Protective effect of SR 27417, a novel PAF antagonist, on lethal anaphylactic and endotoxin-induced shock in mice.

In anaphylactic shock, SR 27417, the first member of a newly developed series of PAF (platelet-activating factor) antagonists, inhibited in a dose-dependent manner the lethal effect of antigen (ovalbumin) rechallenge in actively sensitized mice. It protected mice when given i.v. 5 min before ovalbumin challenge (ED50 = 50 micrograms/kg) or when given p.o. 1 h before ovalbumin administration (ED50 = 1.25 mg/kg).
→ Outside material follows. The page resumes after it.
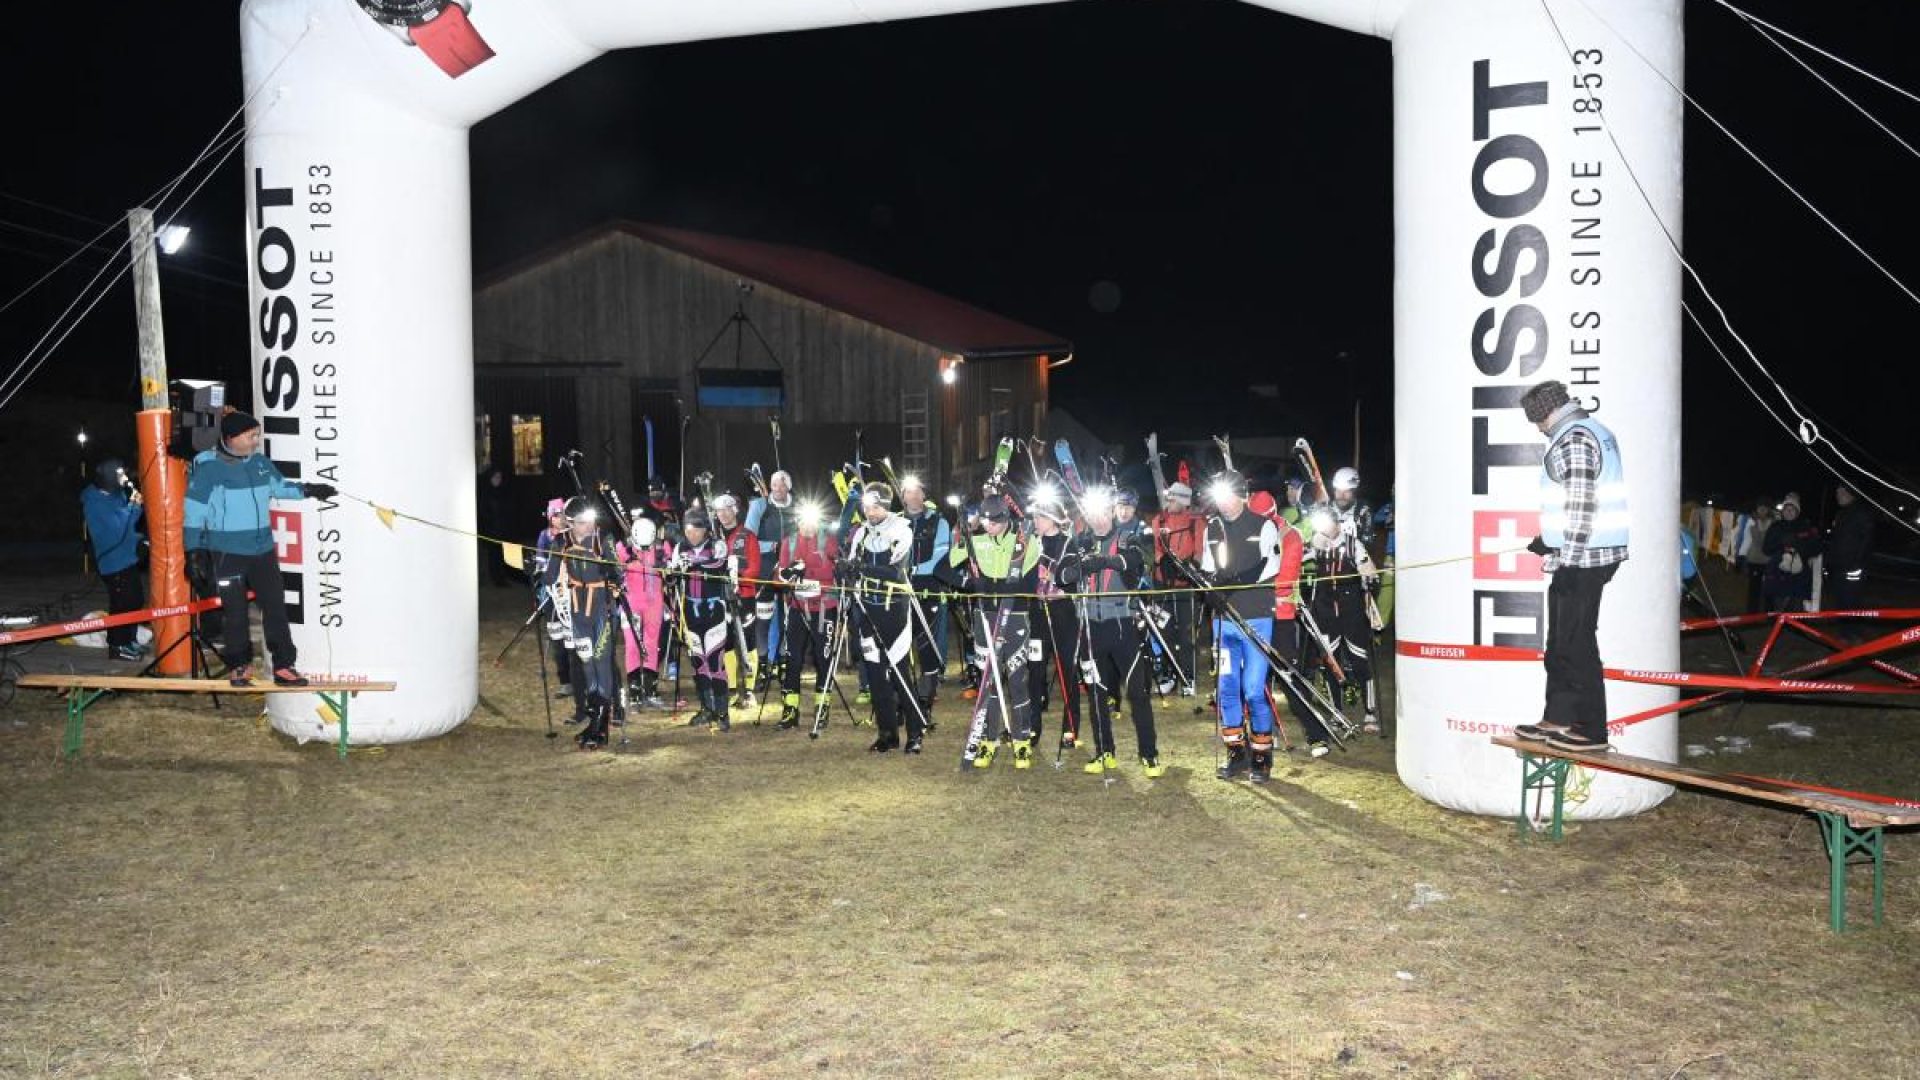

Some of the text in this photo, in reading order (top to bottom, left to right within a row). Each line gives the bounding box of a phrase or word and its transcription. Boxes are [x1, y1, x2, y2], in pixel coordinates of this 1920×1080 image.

After i.v. or oral administration, SR 27417 (2.5 and 10 mg/kg, respectively) greatly improved the survival rate of mice after antigen challenge and had an extremely long duration of action (48 and 30 h, respectively). Similarly, i.v. or oral doses of SR 27417 afforded in mice complete protection against endotoxin-induced lethality (ED50 values were 100 and 150 micrograms/kg, respectively). SR 27417 (1 mg/kg) inhibited endotoxin-induced death in mice with impressive oral or i.v. durations of action of 66 and 110 h, respectively. These results confirm that PAF plays a major role in anaphylactic and endotoxin-induced shock and that SR 27417 may be an effective preventative drug.